Abstract

Learning center models offer students with disabilities learning experiences in general education classrooms, while retaining support and services from special education personnel. The learning center approach examines existing educational perspectives, practices and structures, surrounding access to general education for students with disabilities. This study used a document analysis, a qualitative data method, to examine how two California school districts developed a learning center model to transform special education programming from segregated special education classrooms and practices to placement and access to general education. The findings inform educational programming for students with disabilities in the least restrictive environment, to comply with the American federal mandate. Findings suggest that the deep structure of educational practices complicated the ease of a change in practices for both general and special educators.

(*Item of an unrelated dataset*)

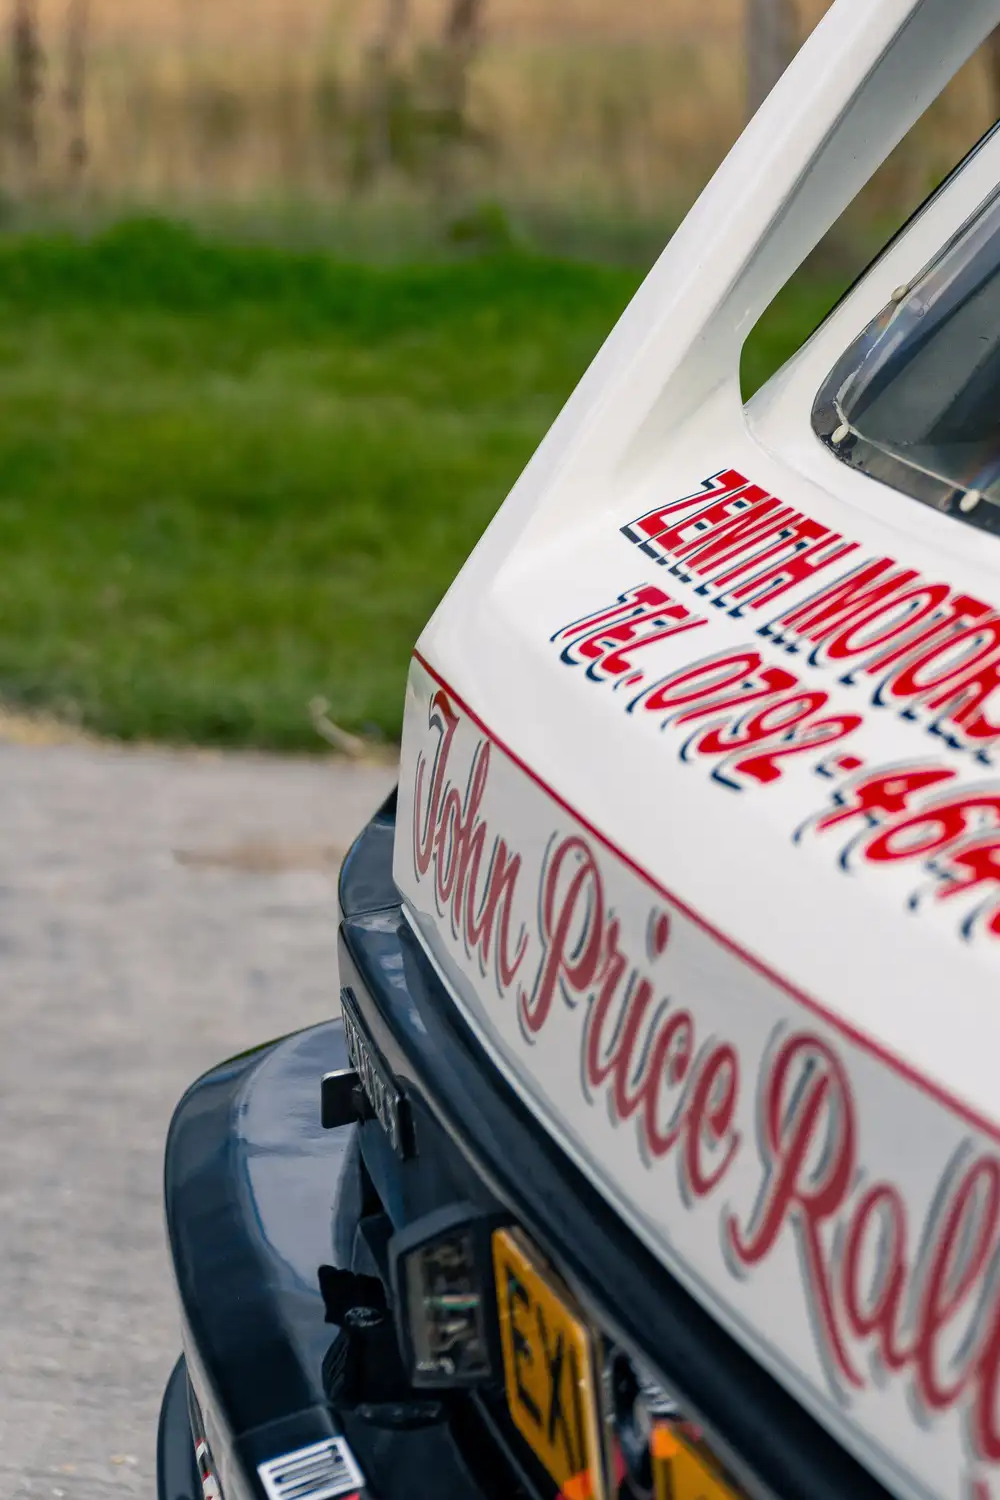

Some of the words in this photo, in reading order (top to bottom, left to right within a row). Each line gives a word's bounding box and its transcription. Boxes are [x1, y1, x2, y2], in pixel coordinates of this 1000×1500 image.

[620, 468, 862, 618] ZENITH
[551, 583, 708, 690] TEL.
[414, 690, 529, 994] John
[516, 832, 740, 1203] Price

However, the community approach of the learning center model, where all teachers assume the educational responsibilities for all students, forced these educators to be flexible, reexamine structures and practices, and challenge the ethos of traditional schooling.

Highlights

  • With decades of research demonstrating the benefits of inclusive education (Allen & Slee, 2008; Causton-Theoharis, Theoharis, Cosier, & Orsati, 2011; Cosier & Ashby, 2016; Danforth, 2014; Daniel & King, 1997; Mastropieri et al, 1998; Waldron & McLeskey, 1998), our current educational system continues to foster the practice of segregation based on disability

  • The purpose of this study was to examine how two California school districts moved from self-contained special education programming models to an learning center models (LCMs) approach, resulting in an exponential increase of access to general education for students with disabilities (SWD)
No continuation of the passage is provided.